But we didn't know if we'd have ample warning and we didn't know how we were to be informed. A lot of reassuring words were issued, but I doubt they made anyone feel secure. Each night I had trouble falling asleep, feeling hyper-vigilant as my bedroom took on the look of a bunker.
The municipality had two social workers come out and teach the women a mini-seminar on coping in an emergency, which I found to be very valuable. I still remember the simple words of wisdom they offered. They explained that there were three basic profiles for response in times of emergency. Some people will become hysterical, others will go into denial, while still others would find their survival skills kick in by instinct. The latter was the best case scenario, of course.
The social workers said that there was no way to know in advance which profile would be assumed and we could only wait and see. Meantime, we were taught how to deal with the hysterical person. We were told not to touch the person or hug him, but to lay a blanket or sweater over his shoulders, offer him a drink, and speak to him in a calm and quiet manner.
Dov managed to call me from time to time. He said that his unit, comprised of seven men from our settlement, all fathers of large families, and all taking basic training together, had been assured that should war break out, they'd be released and would be able to resume their training at another time. That was a very reassuring notion. Too bad it was a lie.
The war did break out and the men were not sent home. I was among the seven women of our settlement who would have to manage alone the dreadful task of suiting frightened panicky children and babies into scary looking masks while feeling none too calm ourselves.
As a teenager, I had slept with my transistor radio on my pillow, close by my ear. I fell back into this old habit. It comforted me to revert to this familiar behavior and to have this white noise as a background to my sleep, but more to the point, having the radio on meant I'd know the minute war broke out.

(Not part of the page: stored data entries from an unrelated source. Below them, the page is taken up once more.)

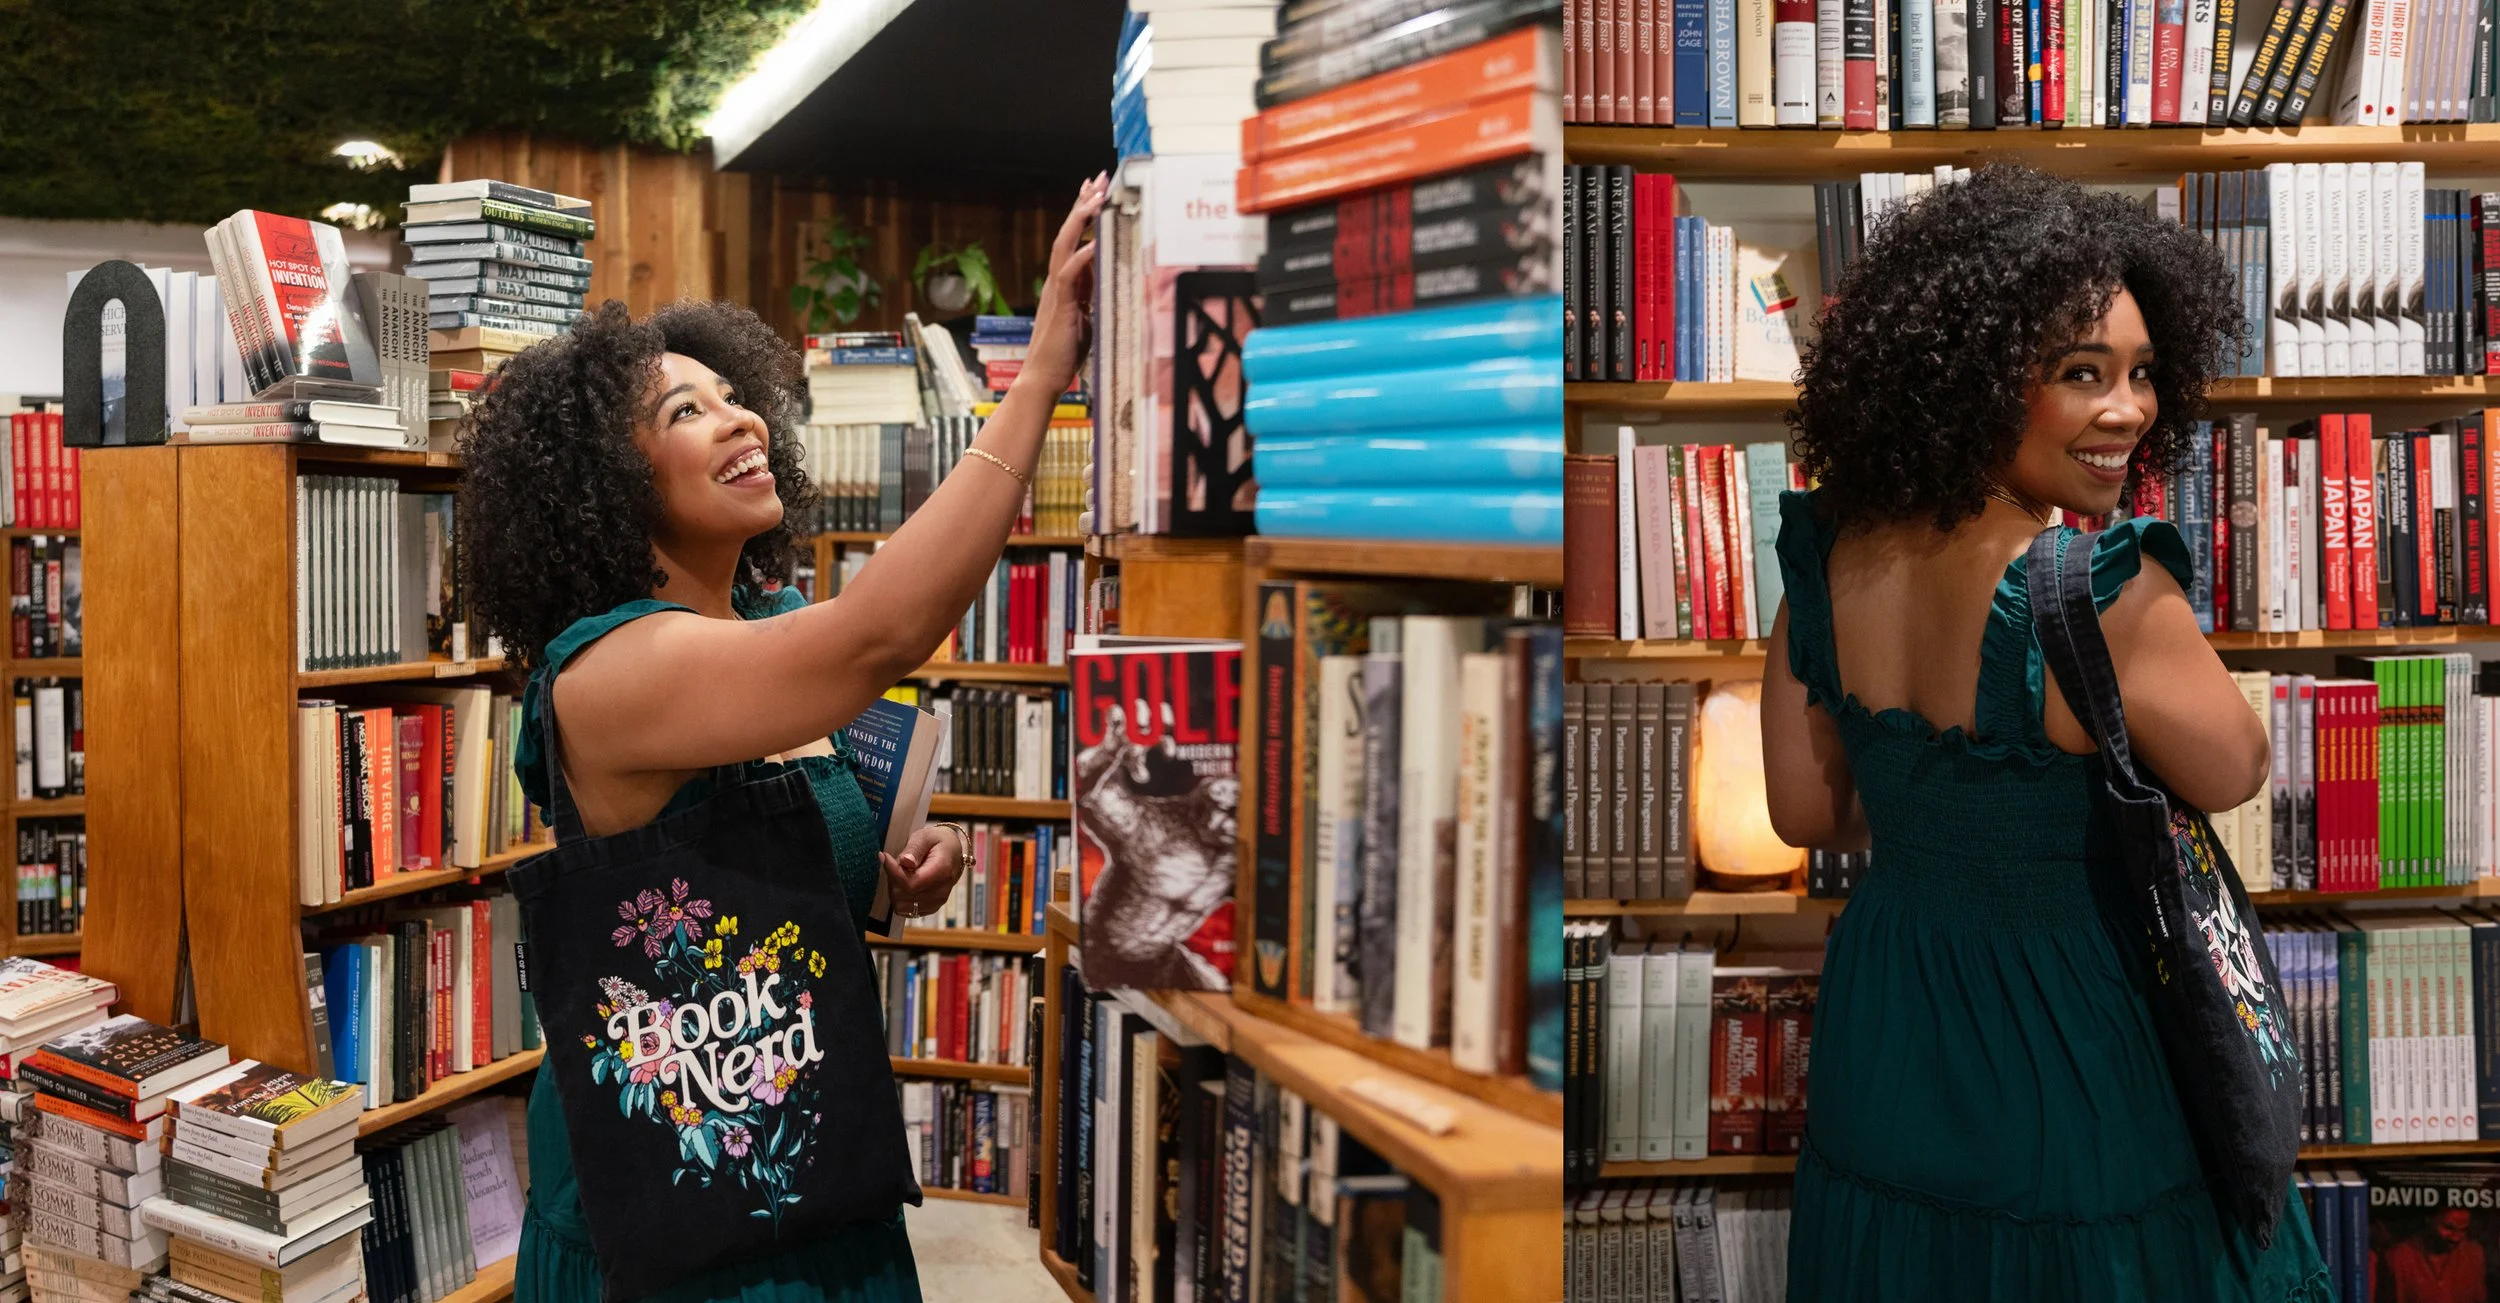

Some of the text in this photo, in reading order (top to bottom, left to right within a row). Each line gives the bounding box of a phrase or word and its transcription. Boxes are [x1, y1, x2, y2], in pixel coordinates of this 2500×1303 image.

[1677, 29, 1702, 38] JOHN
[1911, 13, 1923, 36] Ernest
[2049, 9, 2060, 29] Hell
[2067, 6, 2076, 26] Idea
[2368, 0, 2386, 57] THIRD REICH
[2389, 2, 2407, 58] THIRD REICH
[1582, 19, 1594, 54] Jesus?
[1617, 19, 1631, 54] Jesus?
[1638, 19, 1652, 55] Jesus?
[1657, 19, 1672, 56] Jesus?
[1677, 38, 1702, 48] CAGE
[2012, 9, 2024, 75] OF LIBERTY
[2048, 29, 2060, 55] before
[2214, 28, 2233, 73] RIGHT?
[2306, 33, 2334, 75] RIGHT?
[1715, 38, 1731, 109] BROWN
[2065, 45, 2076, 69] Party
[2159, 29, 2171, 88] MEACHAM
[2168, 47, 2179, 69] JON
[2257, 34, 2280, 78] RIGHT?
[2065, 70, 2076, 103] System
[484, 207, 525, 223] OUTLAWS
[1186, 199, 1228, 220] the
[1586, 176, 1597, 235] DREAM
[1611, 176, 1623, 235] DREAM
[503, 228, 531, 246] MAX
[2278, 190, 2290, 276] WARNER MIFFLIN
[2331, 189, 2343, 275] WARNER MIFFLIN
[2407, 189, 2420, 275] WARNER MIFFLIN
[268, 259, 323, 275] HOT SPOT OF
[498, 264, 529, 281] MAX
[512, 247, 539, 264] MAX
[272, 269, 327, 291] INVENTION
[229, 309, 252, 361] INVENTION
[241, 302, 264, 354] INVENTION
[255, 294, 278, 347] INVENTION
[381, 304, 389, 361] ANARCHY
[402, 308, 410, 362] ANARCHY
[412, 310, 420, 364] ANARCHY
[244, 405, 284, 418] INVENTION
[252, 424, 293, 438] INVENTION
[2233, 422, 2243, 497] BUT MURDER
[2244, 445, 2253, 497] NOT WAR
[2397, 443, 2406, 471] WEAR
[2464, 427, 2479, 496] THE DIRECTOR
[2388, 439, 2400, 526] CHUCK KLOSTERMAN
[2399, 472, 2407, 488] THE
[2323, 476, 2346, 549] JAPAN
[2351, 476, 2373, 549] JAPAN
[2400, 488, 2408, 517] BLACK
[445, 709, 455, 774] ELIZABETH
[848, 727, 897, 752] INSIDE THE
[358, 721, 372, 821] MEDIEVAL HISTORY
[857, 750, 893, 774] NGDOM
[344, 768, 352, 820] CONQUEROR
[381, 745, 392, 833] THE VERGE
[1668, 726, 1683, 852] Partisans and Progressives
[2158, 916, 2170, 939] PRINT
[516, 944, 528, 991] OUT OF PRINT
[607, 970, 787, 1068] Book
[102, 1033, 154, 1056] THEY
[121, 1038, 187, 1068] ALONE
[659, 1008, 825, 1114] Nerd
[1727, 1018, 1743, 1097] ARMAGEDDON
[1743, 1036, 1758, 1077] FACING
[145, 1054, 188, 1076] CHARLES
[261, 1072, 293, 1089] letters
[1079, 1040, 1093, 1115] Ordinary
[20, 1069, 89, 1102] REPORTING ON HITLER
[227, 1097, 253, 1114] from
[252, 1090, 271, 1103] the
[44, 1121, 85, 1145] SOMME
[36, 1151, 78, 1177] SOMME
[34, 1186, 77, 1212] SOMME
[467, 1178, 509, 1201] Alexander
[1230, 1125, 1252, 1268] DOOMED
[2370, 1186, 2440, 1207] DAVID
[175, 1244, 219, 1267] TOM PAULIN
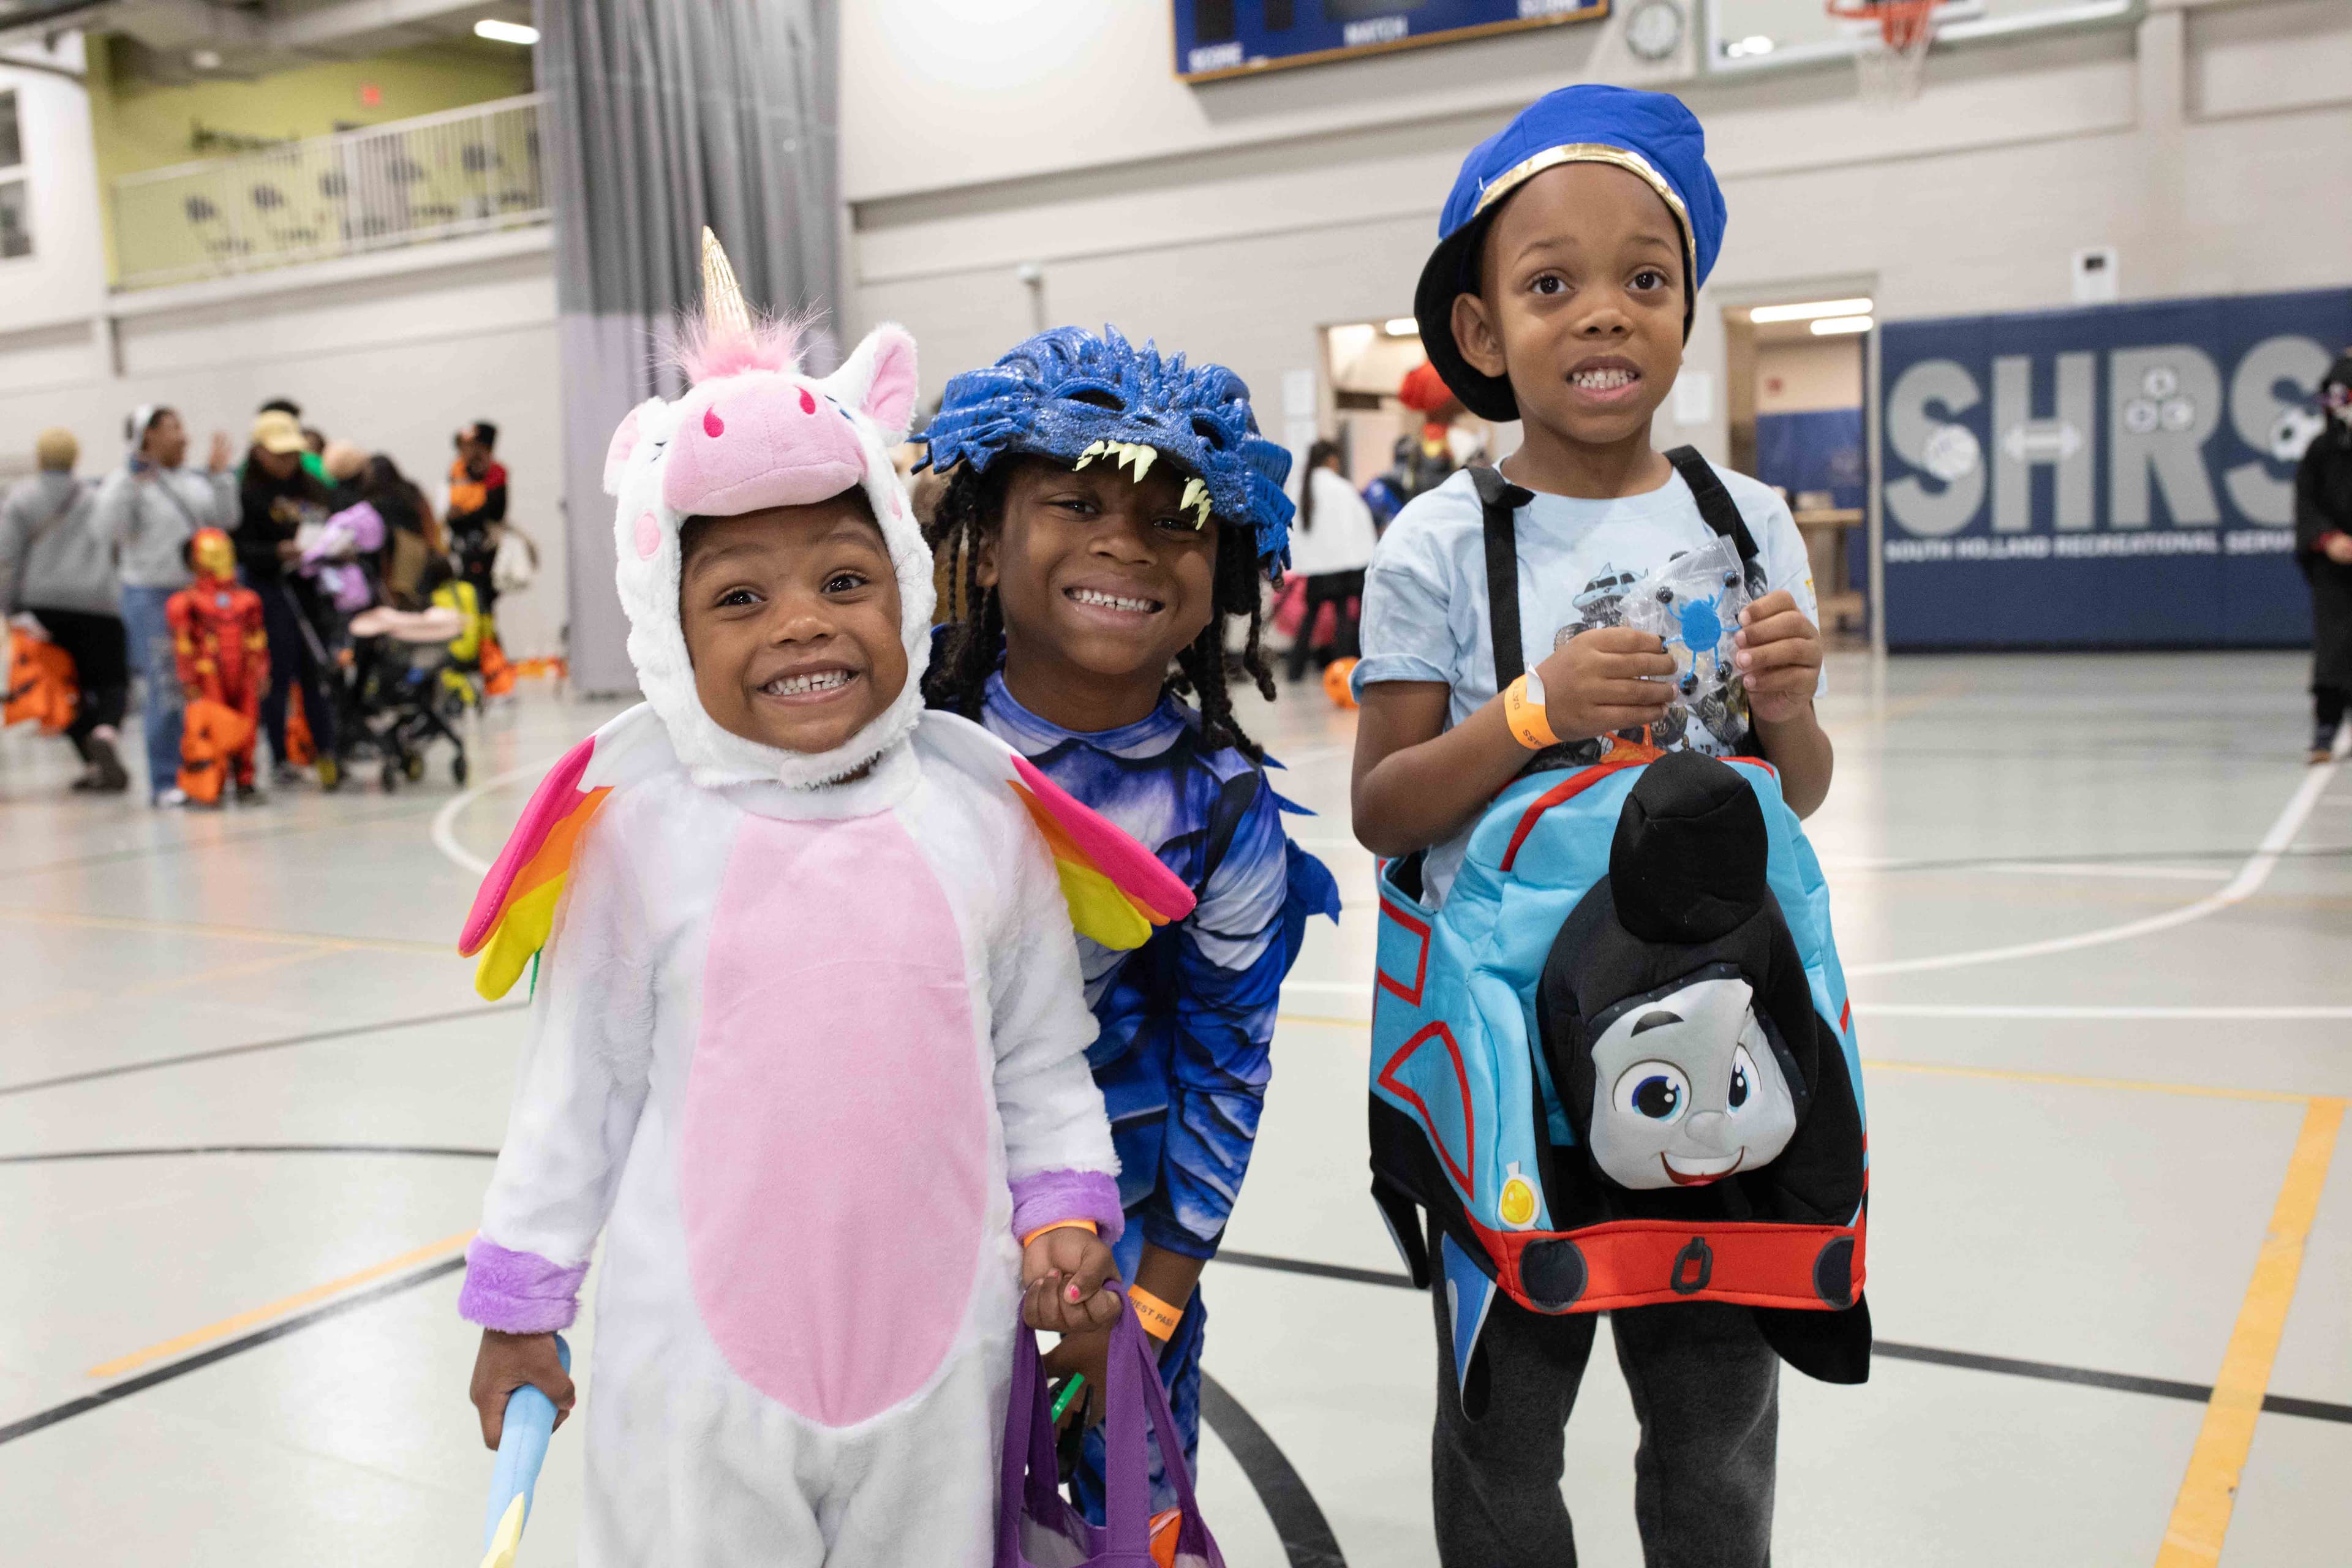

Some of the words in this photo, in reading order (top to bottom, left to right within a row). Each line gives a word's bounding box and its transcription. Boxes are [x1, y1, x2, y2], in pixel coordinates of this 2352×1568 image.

[1885, 335, 2332, 537] SHRS
[1885, 538, 1953, 563] SOUTH
[1955, 535, 2052, 560] HOLLAND
[2052, 531, 2218, 559] RECREATIONAL

This way, I'd know when to herd my children into the bomb shelters or sealed room. I hoped.
Sleep was a precious commodity in those days. I was always either nursing or pregnant. Crying babies who need to eat every three hours and third trimester woes meant a constant state of sleep deprivation. But now, with war looming on the horizon, even when there was a chance to grab a bit of sleep, I found I could not do so.
I remember that one night I at last sank into a fitful sleep. It must have been around 2:00 AM. About an hour later, I heard someone at my front door and my heart did a quick counterpoint, banging in time with the frantic knocking. I grabbed a robe and hastened to answer the door. It was Sarah, one of the seven women whose husbands were in basic training. She said, "The war has begun. But we are not yet in it. There's nothing you need to do right now. I just wanted to let you know."
To be continued.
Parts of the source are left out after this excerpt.